Bancada cobra governadores do PT a manter oposição à previdência do governo
PUBLICAÇÃO
terça-feira, 19 de outubro de 1999
Por Sônia Cristina Silva 
Brasília, 20 (AE) - A bancada do PT vai reunir amanhã (21) os governadores do partido Zeca do PT (MS), Olívio Dutra (PT) e Jorge Viana (AC) para pressioná-los a não participar do encontro de sexta-feira (22) com o presidente Fernando Henrique Cardoso, quando será apresentada a emenda que institui a cobrança de taxa previdenciária dos servidores públicos inativos e pensionistas. Caso os governadores apóiem a iniciativa do Palácio do Planalto, não terão o aval da bancada do PT. "Nesse caso, eles poderão ter votos contrários do PT em seus Estados", ameaçou o deputado José Dirceu (MG).
Hoje, o PT apresentou a proposta da bancada de reforma da previdência, deixando claro que ela não é negociável. "Nossa relação com o governo, nesta matéria, é de disputa e não de acordo", disse o líder do partido na Câmara, deputado José Genoíno (SP). É a reação do PT para tentar reverter o jogo político, hoje favorável ao governo, que conseguiu reunir no sábado passado os governadores de oposição, incluindo Zeca do PT
para discutir a alegada necessidade de remeter ao Congresso uma emenda permitindo a taxação de inativos.
"Vamos tentar convencer os governadores de que essa reunião não tem sentido e vamos mostrar que há outras formas de sanear as contas estaduais", disse o líder do PT na Câmara. "Os governadores não devem ir, até porque o governo já apresentou suas propostas", sustentou José Dirceu, defendendo a discussão de pontos, como a Lei Kandir e o Fundef (fundo que financia o ensino fundamental)" como formas alternativas de equilibrar os caixas estaduais. Dirceu chegou a declarar que os governadores "devem seguir a orientação da bancada". Em seguida, contudo, explicou que "eles têm direito" de ficar a favor da cobrança dos inativos. O governador que mais precisaria de recursos advindos da taxação dos inativos é o do Rio Grande do Sul, segundo o próprio PT.
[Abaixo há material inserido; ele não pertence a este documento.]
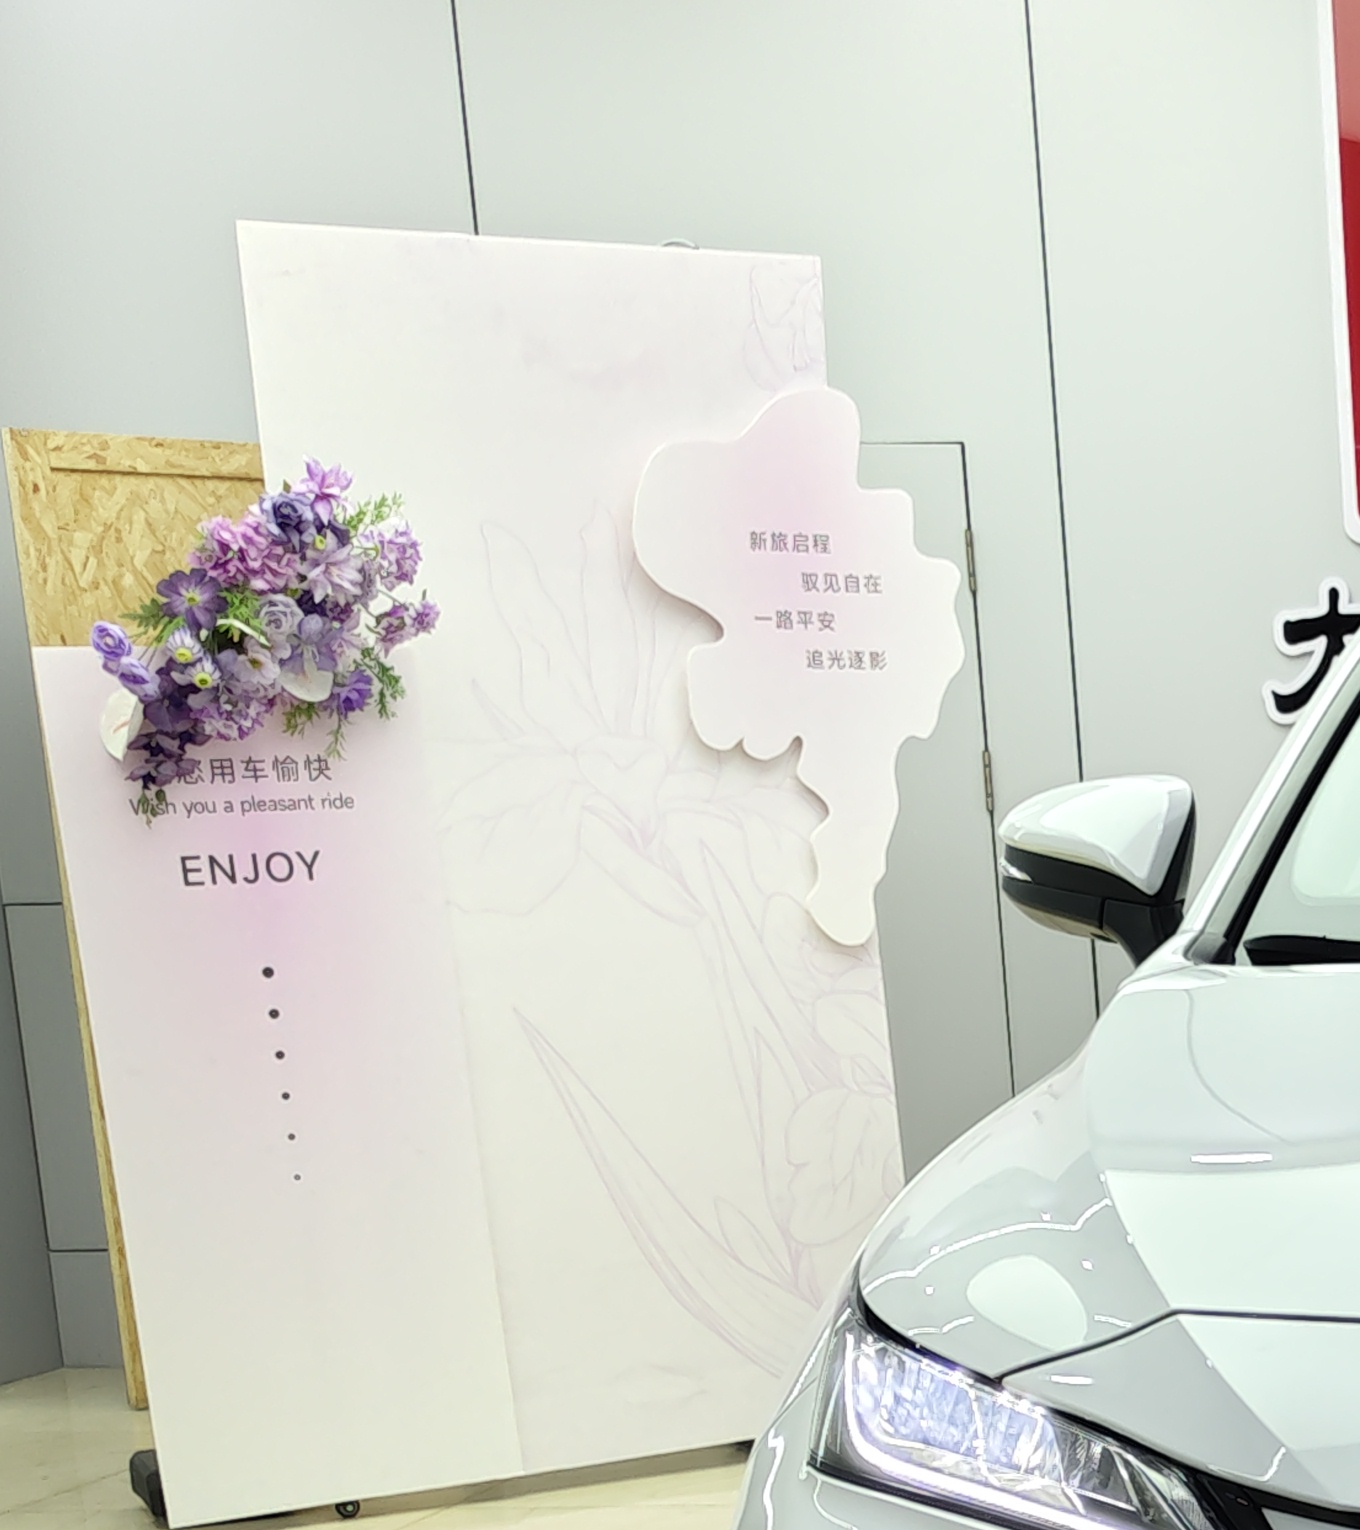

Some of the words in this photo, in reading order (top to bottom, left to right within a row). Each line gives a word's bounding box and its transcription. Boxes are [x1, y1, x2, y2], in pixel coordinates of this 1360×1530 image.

[749, 530, 831, 554] 新旅启程
[801, 572, 882, 594] 驭见自在
[754, 609, 836, 632] 一路平安
[806, 649, 888, 671] 追光逐影
[182, 800, 217, 819] you
[223, 800, 234, 813] a
[241, 795, 315, 816] pleasant
[321, 792, 355, 810] ride
[180, 850, 320, 887] ENJOY
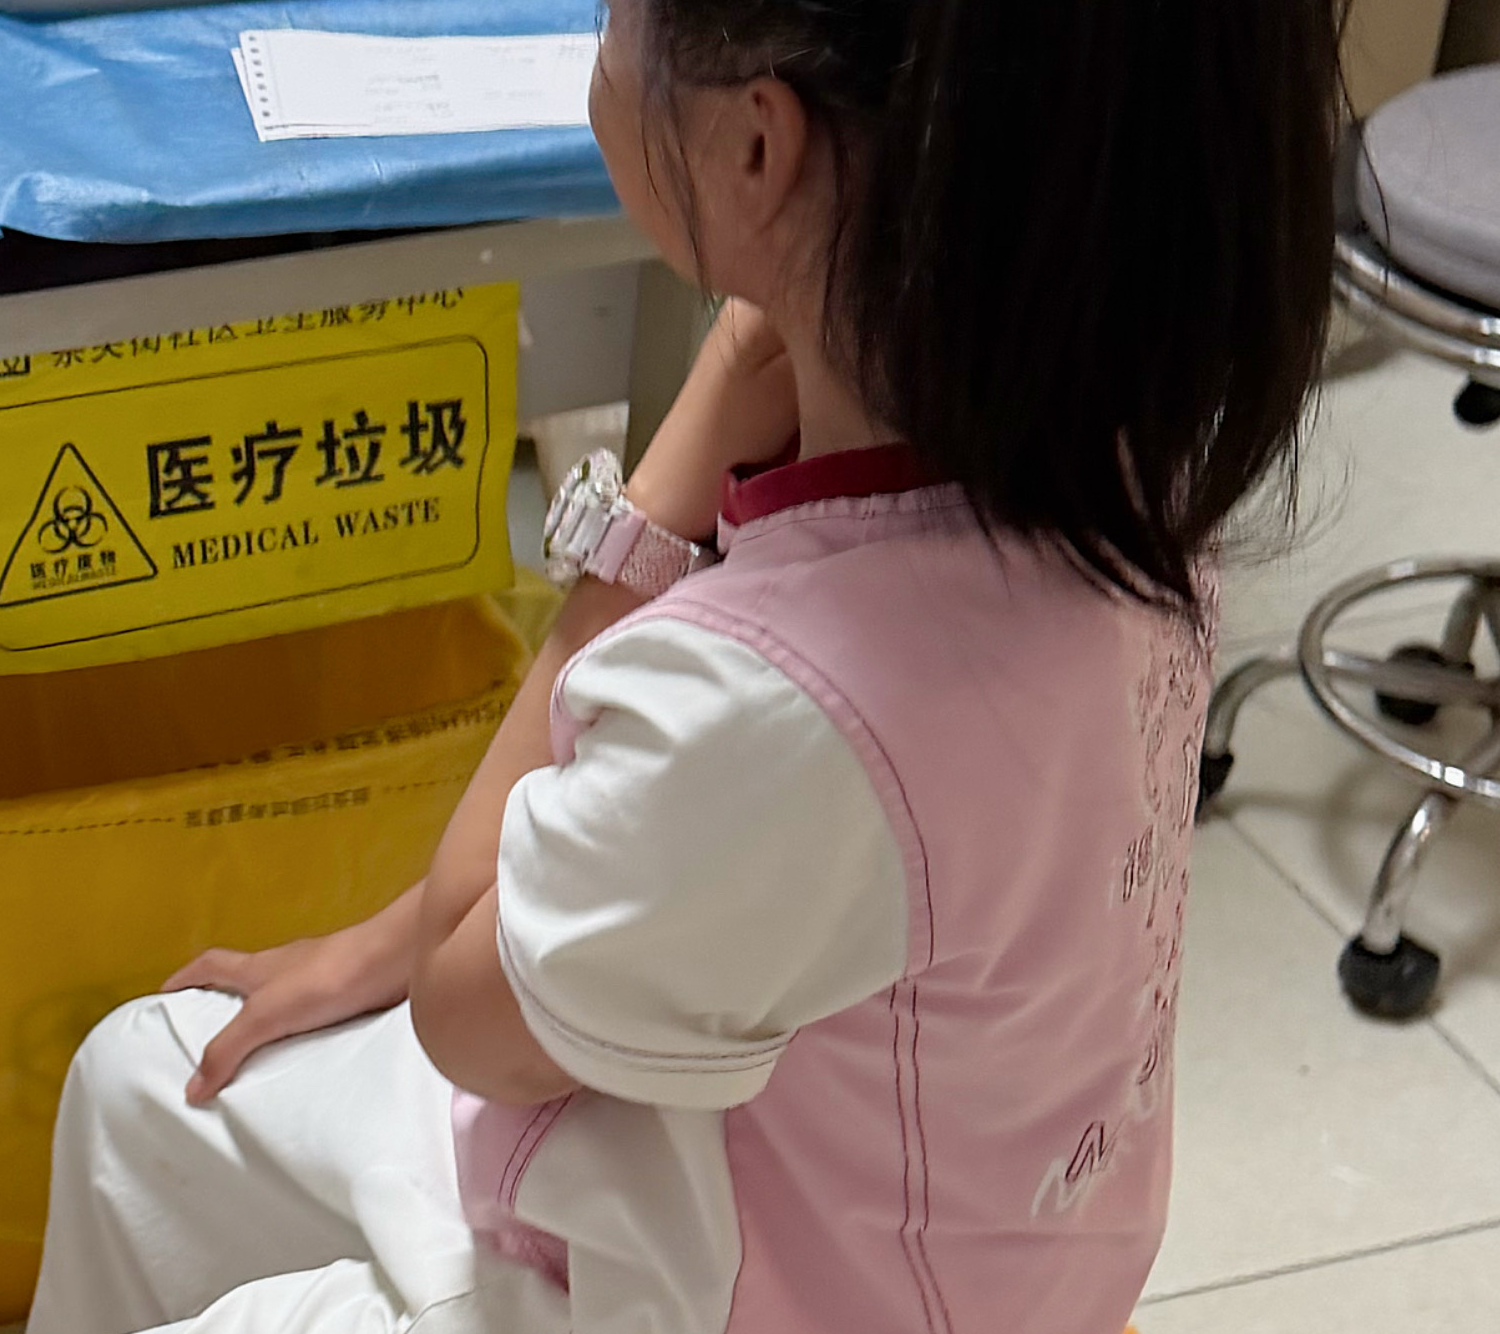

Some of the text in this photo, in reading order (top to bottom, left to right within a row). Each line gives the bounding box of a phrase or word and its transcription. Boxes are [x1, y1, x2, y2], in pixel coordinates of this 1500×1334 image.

[147, 399, 466, 519] 医疗垃圾
[172, 497, 440, 568] MEDICAL WASTE
O PT também acusa o governo de ter tentando passar por cima das lideranças do partido, ao chamar hoje o deputado Eduardo Jorge (SP) para uma conversa com o ministro Aloysio Nunes Ferreira. "A bancada vai recuperar a iniciativa", afirmou José Genoíno.
Genoíno disse não acreditar na intenção do governo de negociar com as oposições uma proposta de reforma da previdência. "O que acontece é que o governo não quer negociar", afirmou José Genoíno. O líder do PT admitiu, no entanto, o diálogo, desde que o fórum seja o Congresso Nacional. "Não queremos posar para foto no Palácio do Planalto", disse o deputado, que acredita na intenção do governo de "dividir com a oposição o ônus do desgaste causado por trapalhadas cometidas em relação à previdência".
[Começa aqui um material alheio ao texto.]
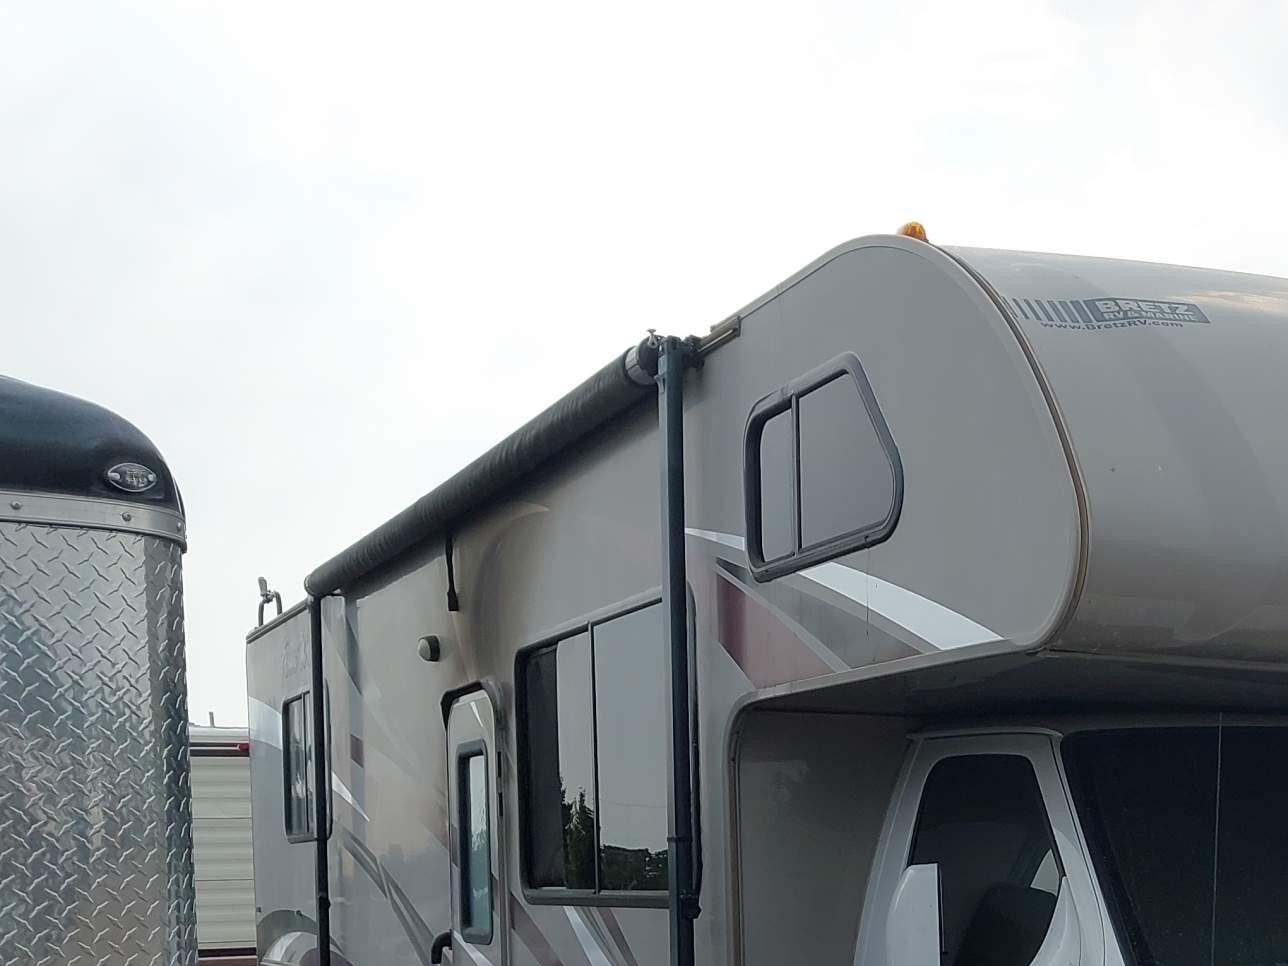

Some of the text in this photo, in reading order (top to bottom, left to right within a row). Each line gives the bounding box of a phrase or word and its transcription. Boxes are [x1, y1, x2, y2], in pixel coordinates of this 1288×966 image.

[1095, 299, 1194, 315] BRETZ
[1102, 311, 1125, 320] RV
[1142, 311, 1199, 321] MARINE
[1040, 319, 1184, 331] www.BretzRV.com
O PT vai esperar o envio da emenda para o Congresso. "Vamos discutir e apresentar emendas substitutivas", adiantou o líder do partido. A proposição de emenda constitucional de reforma da previdência apresentada hoje pelo PT é resultado da proposta original do deputado Eduardo Jorge (apresentada por ele em 1993) com algumas modificações sugeridas pelo diretório nacional do partido, em 1995. Ao contrário do que diz o texto da bancada, Eduardo Jorge se disse hoje favorável à cobrança de contribuição dos inativos que tenham benefícios mais altos. Para José Dirceu, o governo não terá interesse em discutir a proposta da bancada. "O que interessa (ao governo) não é o fato; é a foto."